Repentance and Faith.
Especially repentance–because it was missing. I liked faith and grace but didn’t understand the importance of turning away from sin.
Both are vital. Both are necessary for being reconciled to God.
In fact, they were Jesus’ first recorded words when He began His public ministry: “The time has come,” he said. “The kingdom of God has come near. Repent and believe the good news!” (Mark 1:15).
This message makes perfect sense. We need to hate, confess, and reject sinful behavior in our lives while trusting Jesus to forgive, transform and empower us.
You can’t really have one without the other.
On February 23, 2019, God brought this complete message of the gospel to the American nation in the form of two complementary events/visions sent from heaven.
The Day of Mourning and The Send
The “Christian Post” caught the significance:
“On Saturday, February 23, two major events took place, one in Orlando, Florida, and the other in Albany, New York.

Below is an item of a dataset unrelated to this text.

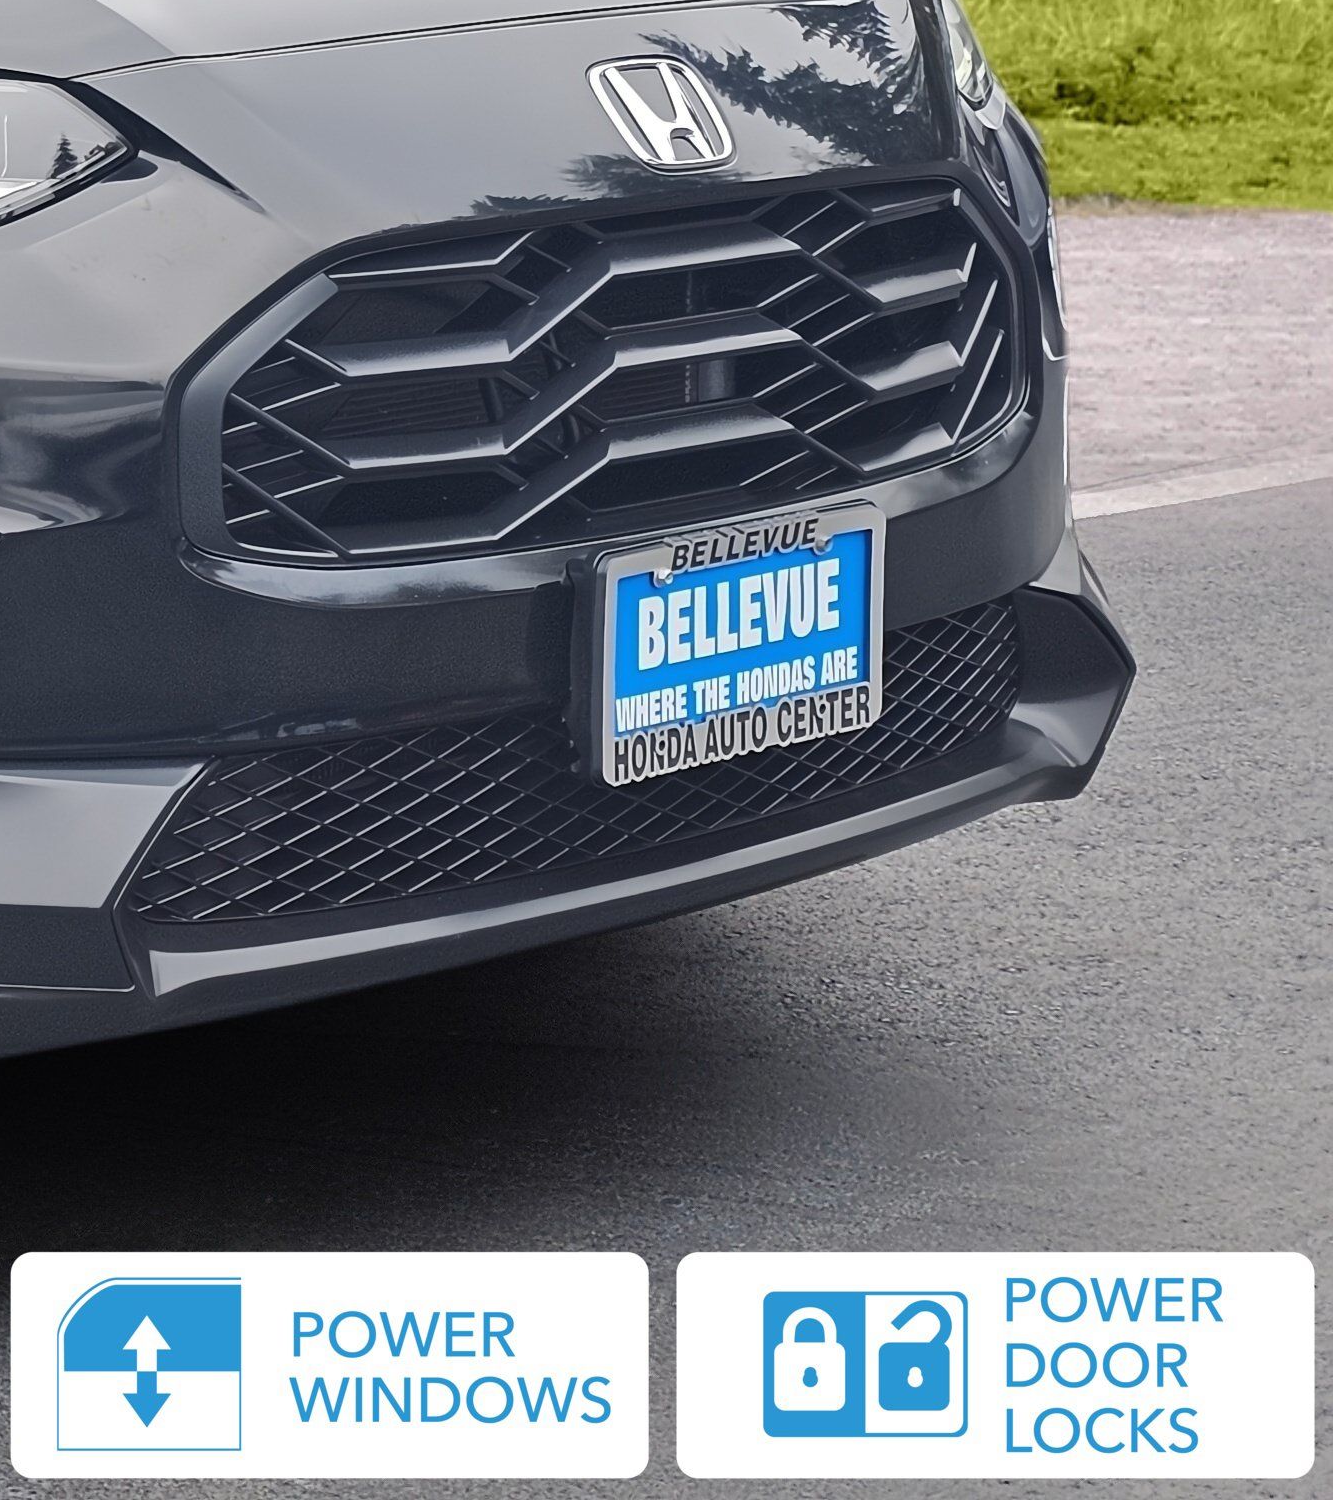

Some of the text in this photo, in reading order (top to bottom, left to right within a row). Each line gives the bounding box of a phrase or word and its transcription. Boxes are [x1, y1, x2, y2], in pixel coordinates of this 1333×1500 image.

[670, 517, 820, 572] BELLEVUE
[637, 557, 841, 671] BELLEVUE
[613, 687, 871, 783] HONDA AUTO CENTER
[615, 645, 859, 733] WHERE THE HONDAS ARE

Both were sponsored and led by evangelical Christians, both events drew thousands, but the fact they took place on the same day was entirely providential. This was not a matter of human planning.”
God was teaching us about repentance and faith.

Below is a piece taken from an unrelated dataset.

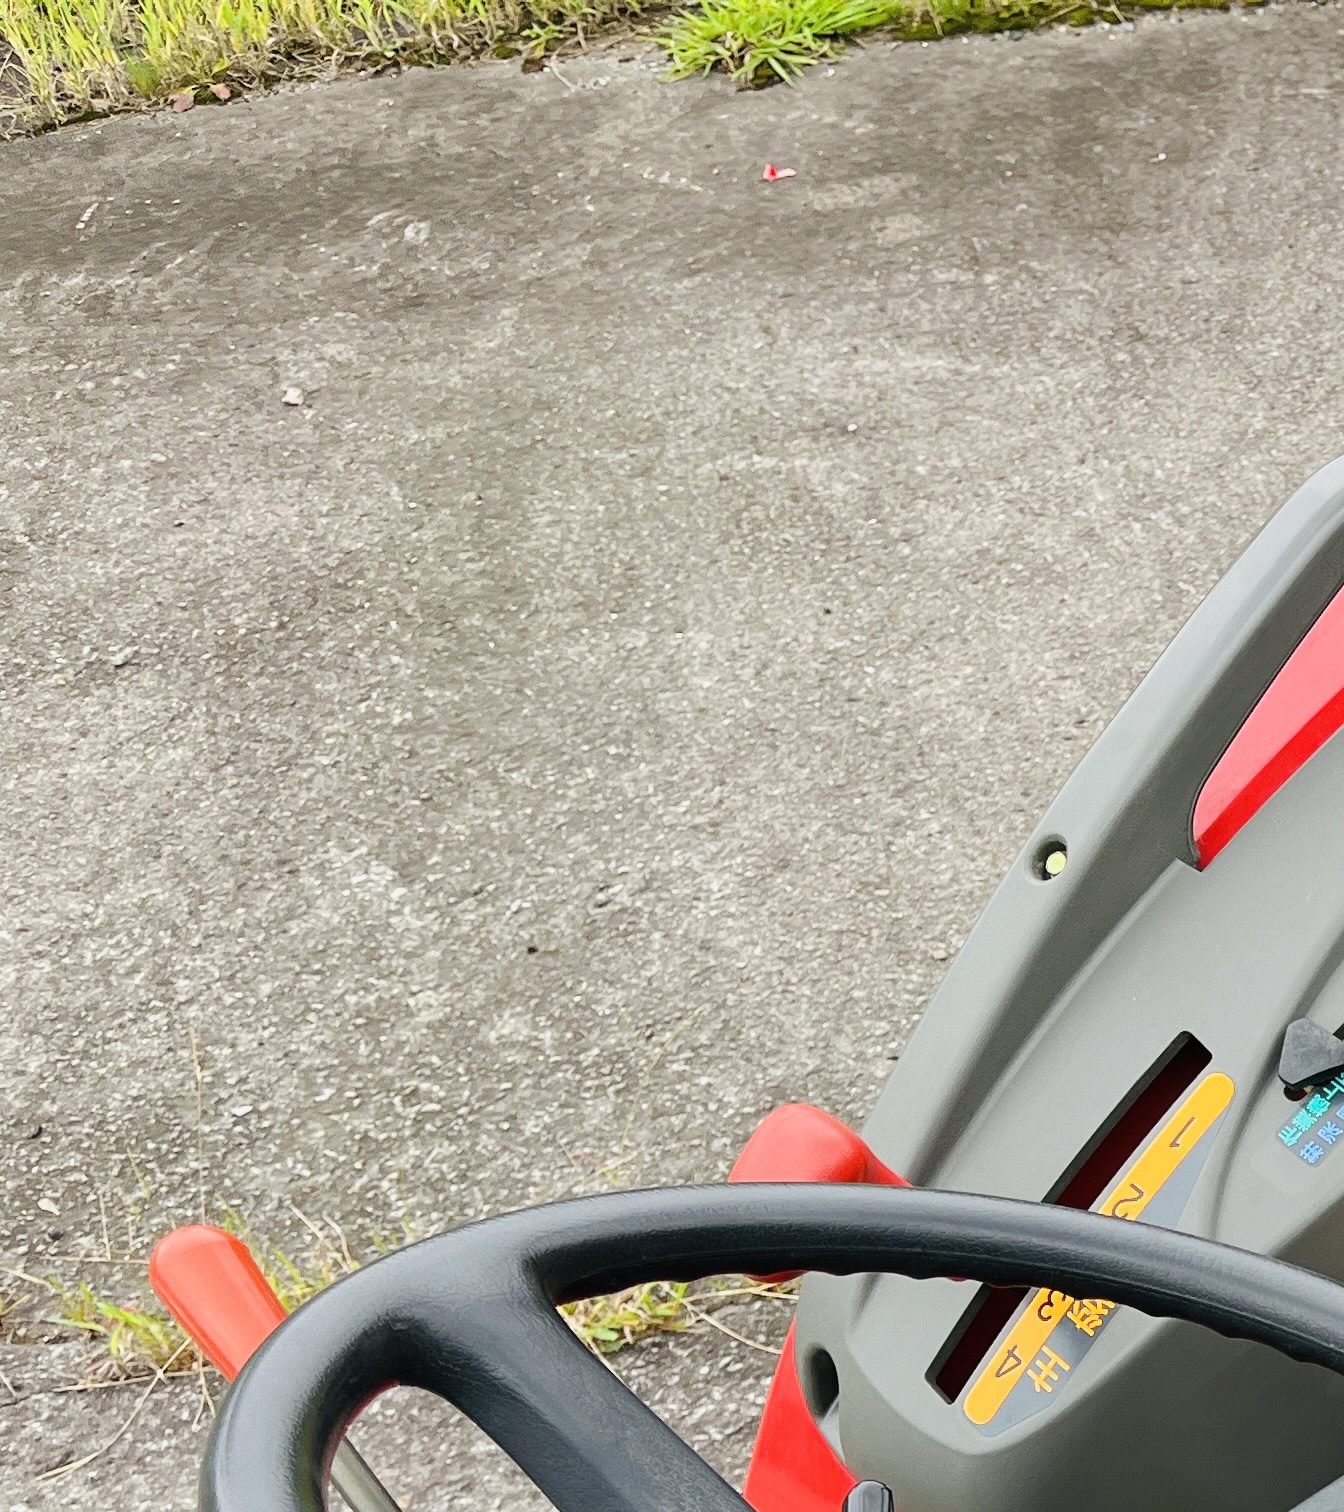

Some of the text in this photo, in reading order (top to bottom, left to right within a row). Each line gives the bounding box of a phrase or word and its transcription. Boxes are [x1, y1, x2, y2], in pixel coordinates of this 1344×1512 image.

The Day of Mourning focused on repentance:
“Today, in places like New York City, they are taking joy in destroying their children. The state of New York has crossed a line of inhumanity that should drive us to our knees. Forty-six years of the state-sanctioned killing of our most helpless and defenseless children should cause us to weep, to mourn, and to take action.”
“We are calling for a national Day of Mourning and repentance. We are in desperate need for God to move upon the hearts of young and old in our nation. If our hearts do not break over the killing of these little image bearers of God in the womb, then how can we expect those growing up in this lost, confused and decadent culture to take our message seriously?”

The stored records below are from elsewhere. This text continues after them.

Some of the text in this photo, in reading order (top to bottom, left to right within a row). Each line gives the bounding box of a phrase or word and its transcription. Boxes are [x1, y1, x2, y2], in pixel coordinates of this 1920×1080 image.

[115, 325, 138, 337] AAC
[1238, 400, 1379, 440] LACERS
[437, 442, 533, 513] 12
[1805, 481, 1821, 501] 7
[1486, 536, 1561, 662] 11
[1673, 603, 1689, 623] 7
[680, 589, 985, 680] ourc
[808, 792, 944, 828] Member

Ten of thousands across the nation participated in the “Day of Mourning.” I took part in repentant prayer at Faith International University.
“The Orlando event, called ‘The Send,’ had been scheduled many months in advance, and was held in the Camping World Stadium in Orlando, Florida. Dozens of Christian speakers and artists called the 30,000 youth in attendance (and many more live-streaming the event) to radical prayer, fasting, and evangelism.”
This was a sovereign call to faith. Each participant committed to adopt one of ‘4 Mission Fields’: Universities; High Schools; Neighborhoods; Nations.
We, again, participated at FIU by asking God to send out more laborers.
If America and the world ever needed a complete gospel message, that time is now. We need to repent of our sins and believe God for change. Not one without the other.
God pointed us the right direction on one special day.
Will we now practice both repentance and faith until revival comes?